Kobo New Voices in Fiction Spotlight: Karen Walker Thompson
What a week it’s been. We’ve had so much fun learning about our featured authors’ journeys as they’ve brought their stories to life and we’ve been thrilled to share them with you.
Our final spotlight is Karen Walker Thompson, who in her new book The Age of Miracles explores what would happen to life as we know it if the earth’s rotation slowed and our days grew by many hours—all set against a backdrop of family turmoil, young love, and a coming-of-age.
And don’t forget – today’s your last chance to grab great deals on other debut titles for $4.99 at Kobo.com. Follow us on Twitter with the #KoboNewFiction hashtag.
Kobo: What dives you to write?
Karen Walker Thompson: I’ve always loved to write, even as s a child, but I really got serious about writing fiction when I was in college and took my first creative writing workshops. My first writing teacher was Aimee Bender, and she really helped me see how many possibilities there are in fiction, how many different ways to tell a story.
Kobo: Why did you choose to write about the particular subject in the book?
KWT: I got the idea from something that really happened. In 2004, I read that the earthquake that caused the tsunami in Indonesia that year was so powerful that it affected the rotation of the earth, shortening our 24-hour days by a few microseconds each. I found that news incredibly haunting, and I began to wonder right away what would happen—and how we would respond—if a much larger change ever took place. In the book, the earth’s rotation slows by a large amount and the days grow by many hours. I always knew, though, that the story would focus on the lives of just a few characters, and especially, the life of one young girl.
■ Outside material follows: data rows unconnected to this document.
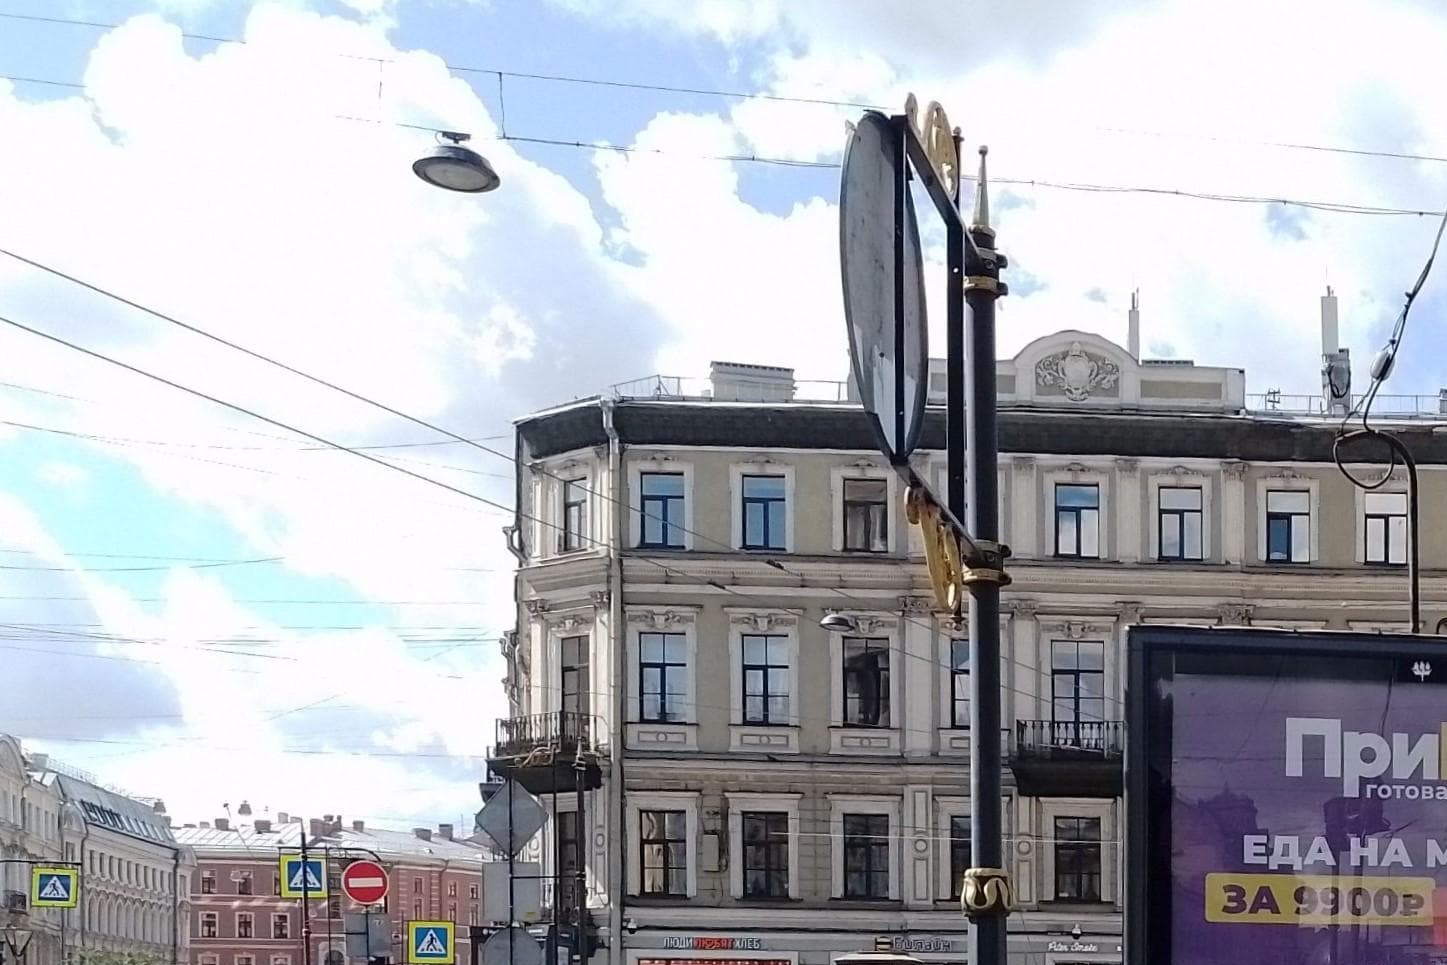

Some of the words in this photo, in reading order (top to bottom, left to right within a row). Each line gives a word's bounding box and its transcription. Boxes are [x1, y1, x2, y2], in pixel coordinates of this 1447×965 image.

[1243, 835, 1336, 870] ЕДА
[1350, 838, 1413, 867] НА
[1222, 884, 1281, 915] ЗА
[663, 937, 692, 949] ЛЮДИ
[734, 938, 760, 949] ХЛЕБ
Kobo: Do you feel your characters speak about different facets of your life?
KWT: I try to think of my characters as real people, separate from me, but I did draw on some of my own memories of what it felt like to be an 11-year-old girl, how sensitive I was and how shy. But Julia’s childhood is much more tumultuous than mine was.
Kobo: What was the feeling you had when you finished writing the book? Was it hard to let go of your characters?
KWT: By the time I finished writing and then editing the book, I was ready to be done with it. I had spent four years working on it almost every day, so I felt excited to work on something new.
Kobo: What books do you feel influenced you the most when writing The Age of Miracles?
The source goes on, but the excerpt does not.